Each group were performed three independent experiments and all data were expressed as the mean ± standard deviation (SD). Differences were analyzed using Student’s t-test (only 2 groups) or one-way analysis of variance (ANOVA) followed by Tukey’s test (more than 2 groups, Graphpad Prism7). P < 0.05 was considered to indicate a statistically significant difference.

Results

Differentially Expressed lncRNAs Between Liver Cancer and Adjacent Normal Tissues

To detect differentially expressed lncRNAs between liver cancer and normal tissues, a bioinformatics analysis as performed. As indicated in Figure 1A, differentially expressed lncRNAs in GSE113850 data set (DS) were presented using Volcano Plot. In addition, differentially expressed lncRNAs among normal and tumor tissues were also presented in TCGA (Figure 1B). Among these differentially expressed lncRNAs in GSE113850 DS and TCGA, 59 were commonly downregulated, whereas 167 were commonly upregulated (Figure 1C). Moreover, 5 most upregulated overlap linRNAs in liver cancer were presented (Figure 1D). Among these 5 lncRNAs, high expression of LINC01234 was negatively correlated with the survival rate of patient with liver cancer (Figures 1E,F). These data suggested that LINC01234 might play an important role during the tumorigenesis of liver cancer. Thus, LINC01234 was selected for investigation in the following experiments.

FIGURE 1
www.frontiersin.org

Figure 1. The differentially expressed lncRNAs between liver cancer and adjacent normal tissues. (A) Volcano plots illustrating the lncRNAs differentially expressed in liver cancer detected in the GSE113850 dataset. Red indicates a higher expression level, while blue indicates a lower expression level. (B) Differentially expressed lncRNAs among normal and liver cancer tissues were presented by TCGA. (C) Venn diagram showing the overlap among the differentially expressed lncRNAs in the GSE113850 dataset. (D) Dataset indicated overlap 5 upregulated lncRNAs in liver cancer tissues. (E,F) Overall and disease free survival of liver cancer were analyzed by TCGA.

LINC01234 Knockdown Significantly Decreased the Proliferation of Liver Cancer Cells

In order to test the gene expression, qRT-PCR was used. As indicated in Figure 2A, the expression of LINC01234 in liver cancer cells was much higher than that in normal liver cells. Moreover, LINC01234 shRNA1 and shRNA2 were stably transfected into liver cancer cells (Figures 2B,C), and the expression of LINC01234 in liver cancers was significantly downregulated when transfected with LINC01234 shRNA (Figure 2D).

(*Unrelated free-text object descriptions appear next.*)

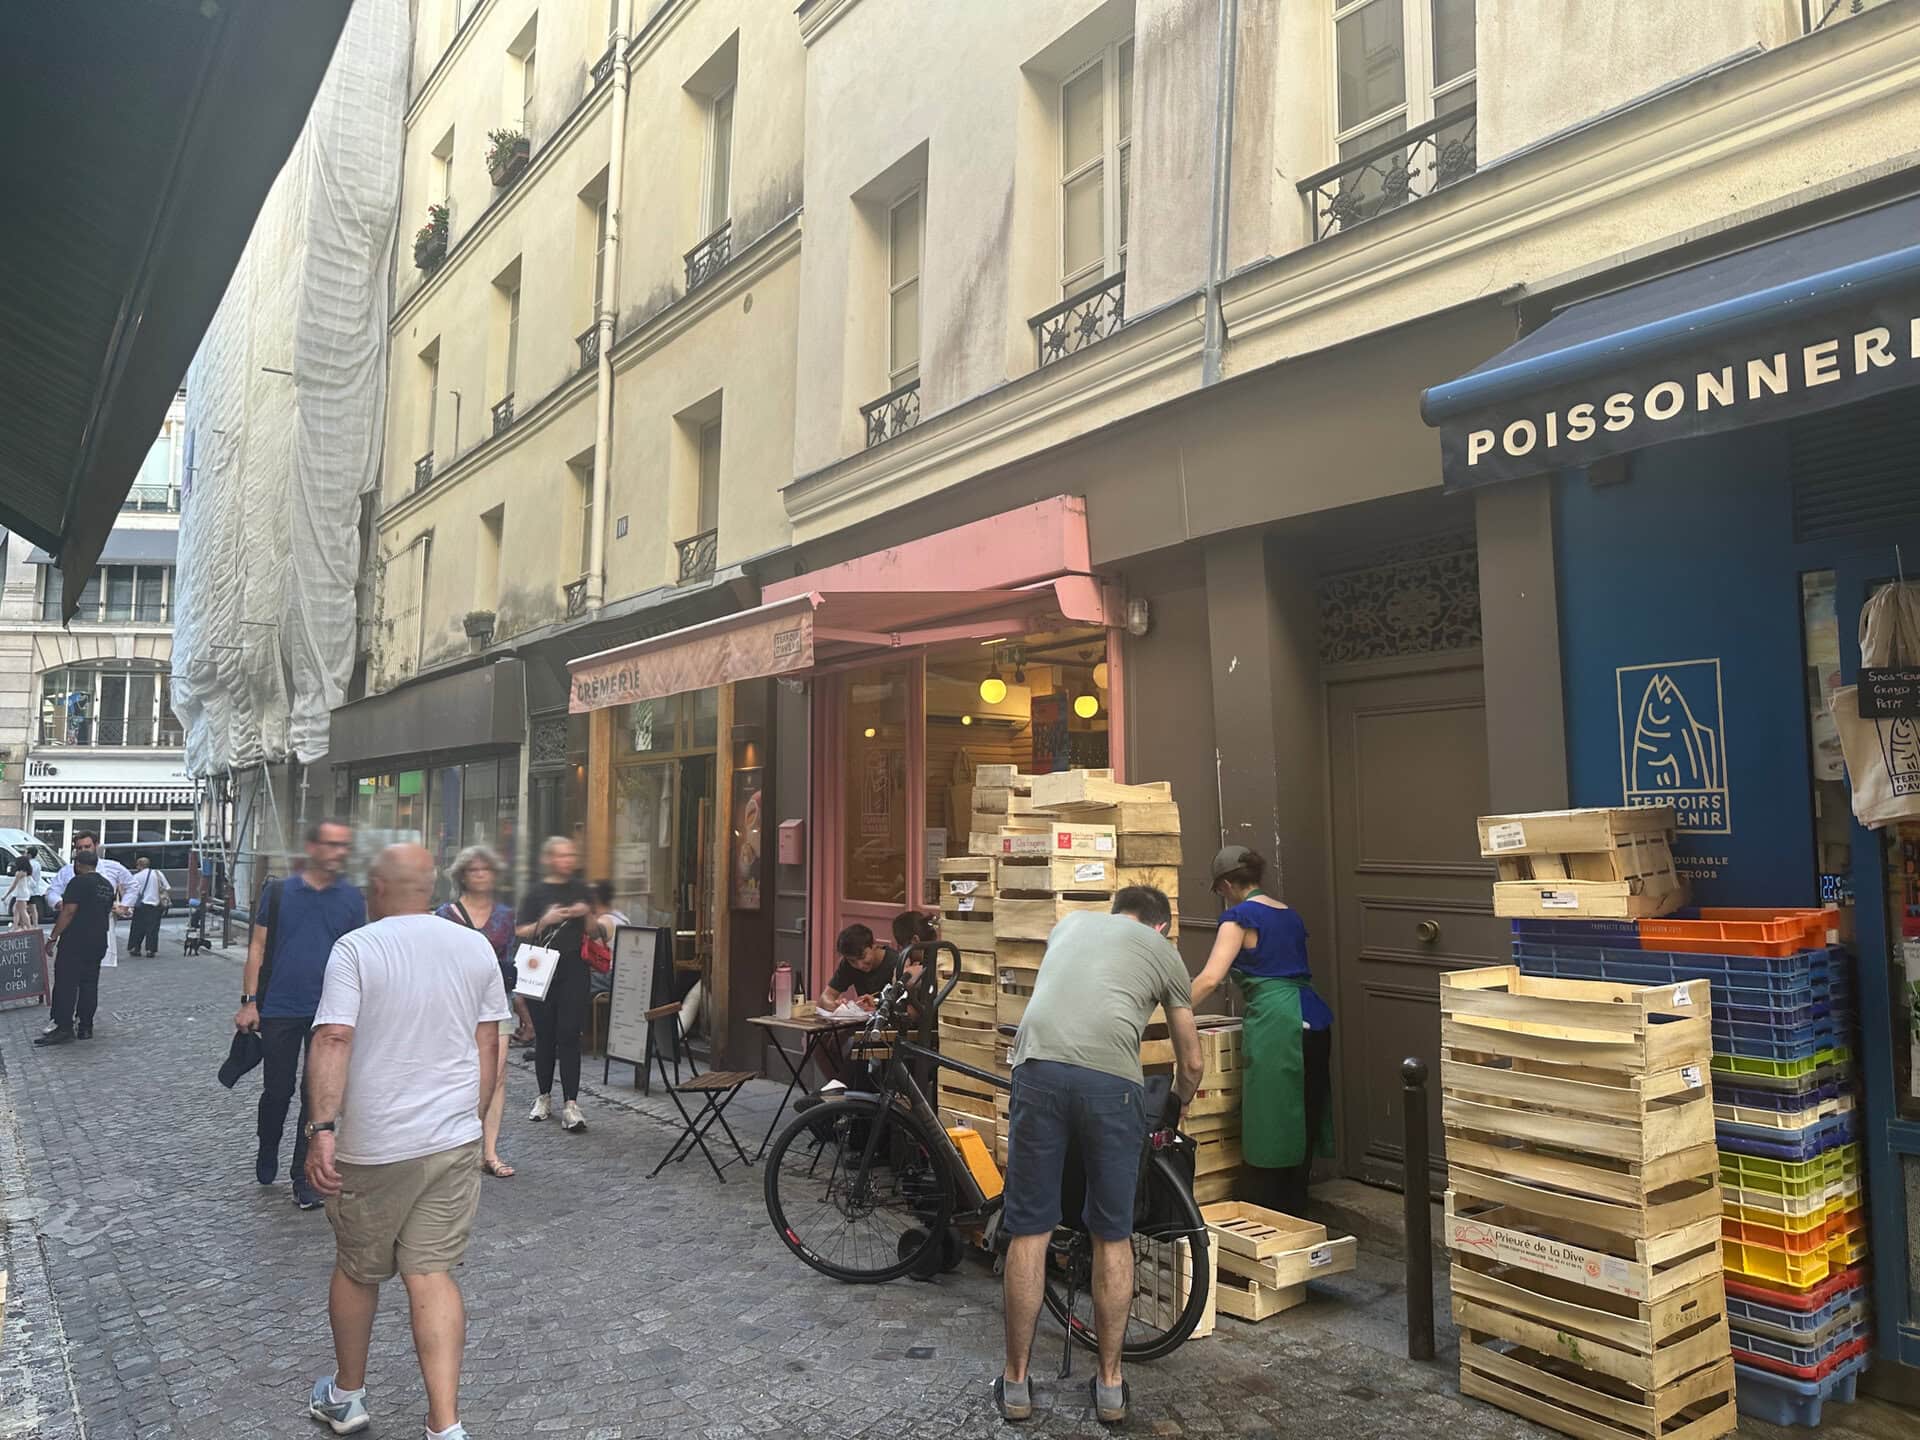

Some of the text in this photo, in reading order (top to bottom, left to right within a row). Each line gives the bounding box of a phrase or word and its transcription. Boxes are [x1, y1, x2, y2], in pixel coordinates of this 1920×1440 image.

[1676, 811, 1722, 826] ENIR
[5, 980, 27, 992] OPEN
[1495, 1231, 1530, 1249] Prieuré
[1534, 1241, 1546, 1253] de
[1550, 1245, 1560, 1257] la
[1563, 1248, 1585, 1264] Dive

Since LINC01234 shRNA1 exhibited better transfection efficiency, it was therefore used in subsequent experiments. Furthermore, the viability and proliferation of Huh-7 and HepG2 cells were significantly inhibited by LINC01234 knockdown (Figures 2E–H). Meanwhile, Huh-7 cells were more sensitive to LINC01234 shRNA1 than HepG2 cells. Thus, Huh-7 cells were used in the following experiments. Taken together, LINC01234 silencing significantly decreased the proliferation of liver cancer cells.

FIGURE 2
www.frontiersin.org

Figure 2. LINC01234 knockdown significantly decreased the proliferation of liver cancer cells. (A) The expression of LINC01234 in Huh-7, HepG2 and L-02 cells was detected by qRT-PCR. (B,C) Huh-7 cells were transfected with LINC01234 shRNA1 or shRNA2 for 24 h. Then, the efficiency of cell transfection was detected by green fluorescence staining. (D) The expression of LINC01234 in liver cancer cells was detected by qRT-PCR. The proliferation of (E) Huh-7 or (F) HepG2 cells was detected by CCK-8 assay. (G,H) Ki67 staining was performed to test the proliferation of Huh-7 and HepG2 cells. Red indicates the Ki67 staining. Blue indicates DAPI staining. **P < 0.01 compared to control.

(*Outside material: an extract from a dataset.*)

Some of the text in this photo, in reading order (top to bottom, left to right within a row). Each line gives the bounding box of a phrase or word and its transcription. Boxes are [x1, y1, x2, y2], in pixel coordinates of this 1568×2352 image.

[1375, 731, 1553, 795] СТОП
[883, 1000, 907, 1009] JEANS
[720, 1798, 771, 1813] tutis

LINC01234 Sponged miR-513a-5p

For the purpose of exploring the mechanism by which LINC01234 mediated the progression of liver cancer, Starbase1 was performed. As shown in Figure 3A, LINC01234 had a putative miR-513a-5p targeting site. In addition, miR-513a-5p agomir/antagomir was stably transfected into Huh-7 cells (Figure 3B). Meanwhile, co-transfection of the wild-type LINC01234 vector (WT-LINC01234) with miR-513a-5p agomir, significantly reduced luciferase activities compared with mutant LINC01234 vector (MT-LINC01234) (Figure 3C). Additionally, LINC01234 bound to miR-513a-5p (Figure 3D) was verified with pull down assay. Moreover, USP4 was found to be the direct target of miR-513a-5p (Figures 3E,F). However, the difference of USP4 level between liver cancer and adjacent normal tissues is not significant (Figure 3G). Besides, the difference of USP4 expression among different stages of liver cancer is not obvious (Figure 3H). Additionally, the expression of USP4 in liver cancer cells was notably upregulated by miR-513a-5p antagomir but inhibited by miR-513a-5p agomir (Figure 3I). Altogether, LINC01234 knockdown inhibited the tumorigenesis of liver cancer via mediation of miR-513a-5p/USP4 axis.

FIGURE 3
www.frontiersin.org

Figure 3. LINC01234 sponged miR-513a-5p. (A) Gene structure of LINC01234 indicating the predicted miR-513a-5p binding site in its 3′UTR. (B) Huh-7 cells were transfected with miR-513a-5p agomir/antagomir for 24 h. Then, cell transfection was verified by qRT-PCR. (C) The luciferase activity in Huh-7 cells after co-transfecting a plasmid encoding the wild-type (WT) or mutant (MT) LINC01234 3′-UTR and miR-513a-5p. (D) Co-localization of LINC01234 and miR-513a-5p detected using RNA pull-down. (E) Gene structure of USP4 indicating the predicted miR-513a-5p binding site in its 3′UTR. (F) The luciferase activity in Huh-7 cells after co-transfecting a plasmid encoding the wild-type (WT) or mutant (MT) USP4 3′-UTR and miR-513a-5p. (G) The differential expression of USP4 in normal and tumor tissues was analyzed from the data of TCGA. (H) The correlation between USP4 and different stages of liver cancer was analyzed. (I) The expression of USP4 in liver cancer cells was measured by qRT-PCR. **P < 0.01 compared to control.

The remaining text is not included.